Plus, broader ownership means that more people have a stake in the business, and their suggestions come from wanting nothing but success for the company. Since she began franchising, ideas from franchisees have improved the business in countless ways—because what works in one market usually is worth adding across the board.

“No one has to reinvent the wheel, and the wheel keeps getting better,” Genevieve says.

Use Free Resources

As you’re looking to expand your business, take advantage of the wide variety of resources offering free advice.

Heber Valley, the milk and artisanal cheese seller, worked with Goldman Sachs’s free 10,000 Small Businesses program, which helped them create farm visit experiences that show off their products and processes. Owner Russ Kohler also spent time with an MBA class from a local university, which suggested different packaging. “They said that we should get away from a commodity look, so we stopped cutting our cheese in a block and changed the packaging,” Russ says.

When he worked with Utah’s Own, a Utah program that promotes in-state products, Russ also found a marketer and website developer—even though those services weren’t officially offered by the state.

And as we said in Chapter 1, don’t forget about the Small Business Administration!

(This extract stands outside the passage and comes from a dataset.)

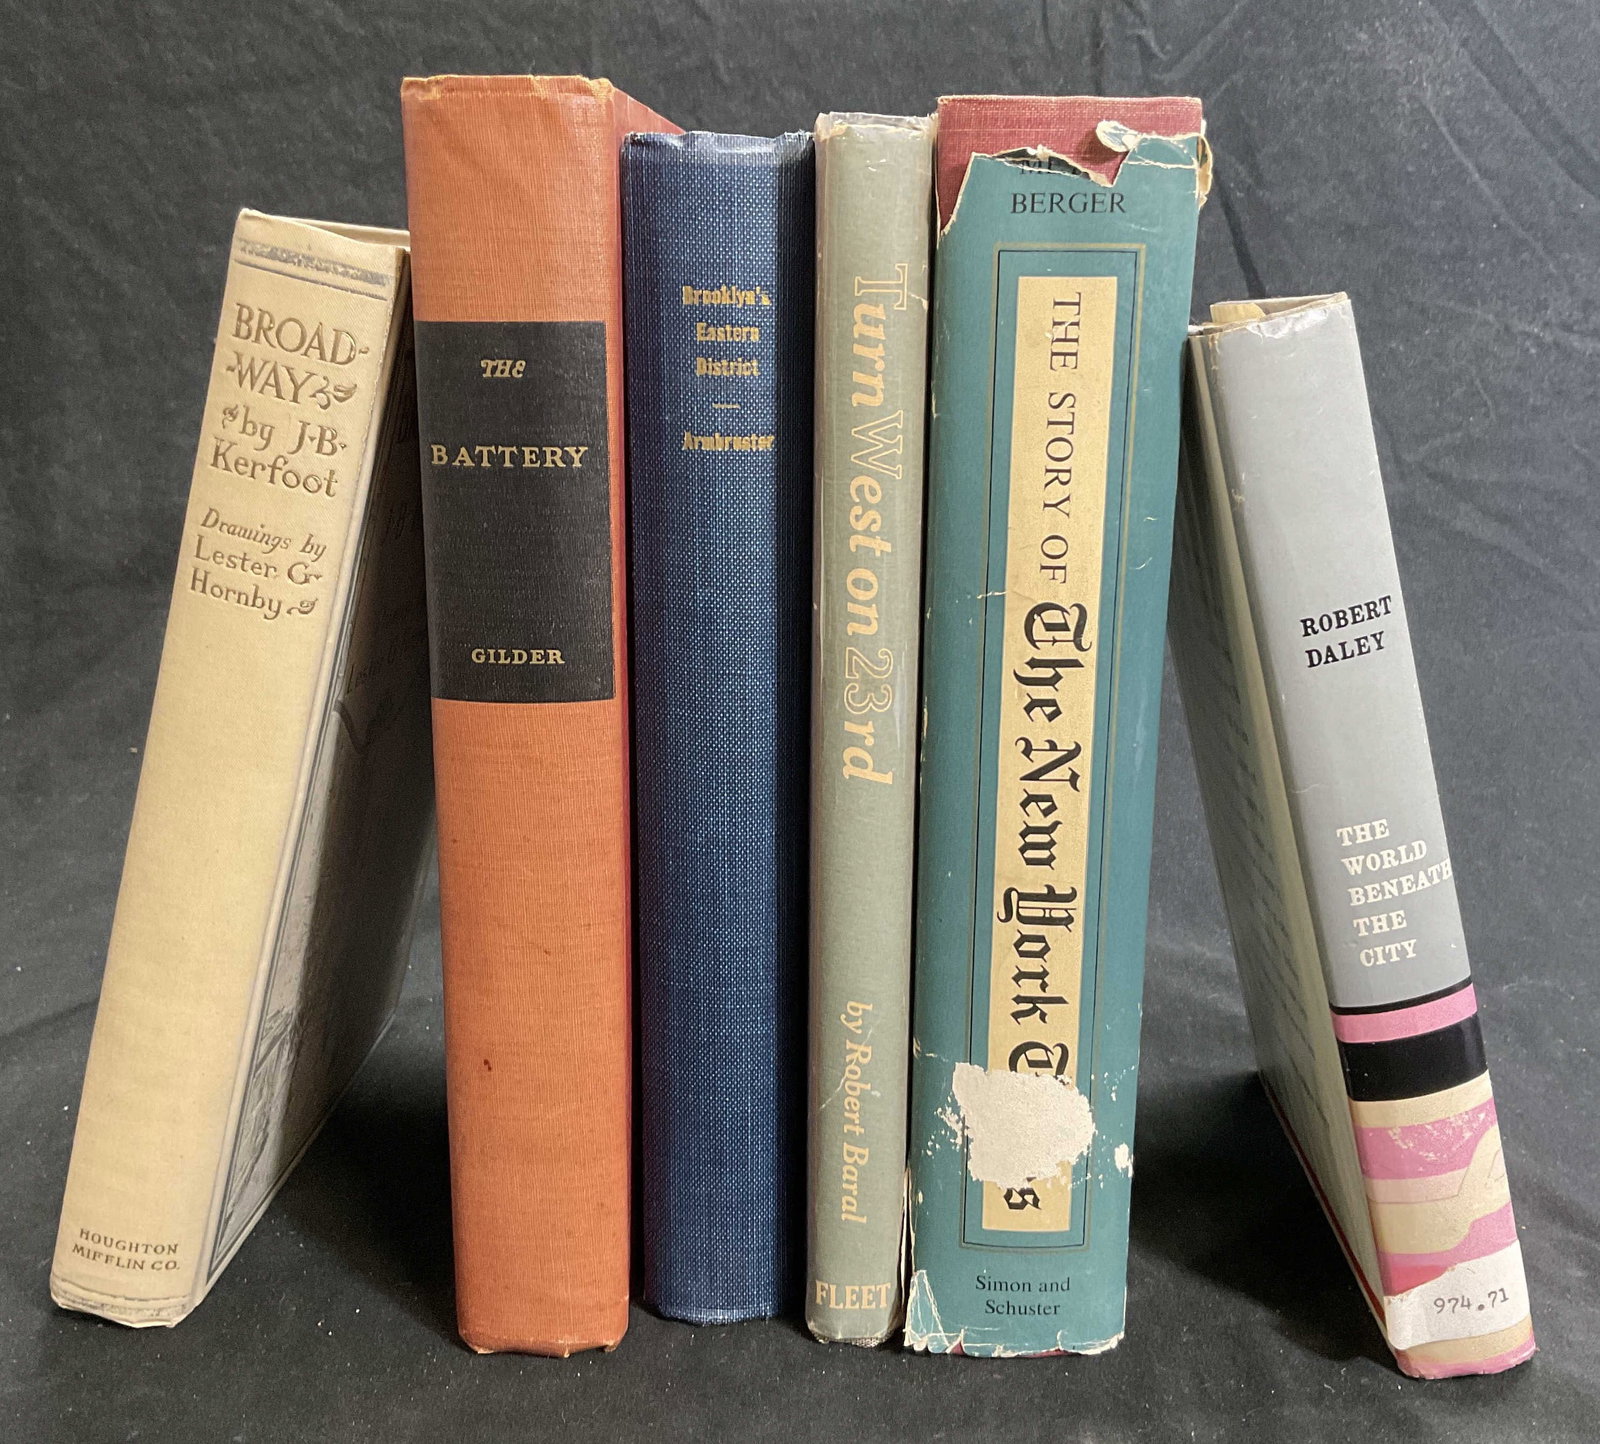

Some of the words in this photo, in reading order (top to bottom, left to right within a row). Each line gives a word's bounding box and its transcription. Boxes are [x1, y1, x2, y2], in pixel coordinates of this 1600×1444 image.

The SBA is set up to help you, from finding funding to connecting you with a business coach.

The honest truth is that starting a business is hard and expanding one can be even harder, which is why this work isn’t for everyone. But if you do want to grow your revenue, boost your sales, or expand your geographic footprint, there are plenty of options—and resources—available to help you do it.

Questions to Consider

•   Who are some partners and resources in your industry or adjacent industries that might help you grow your business? Have you tapped them for advice?

•   What other businesses might sell your products or services? What other products might you be willing to sell?

•   Could you grow your business by finding a new audience online?

•   Does your business lend itself to multiple locations or distribution outside your immediate geographical reach? How much of your business can you systematize?

•   Would it make sense to expand your business through licensing or franchising? How replicable is what you’re doing?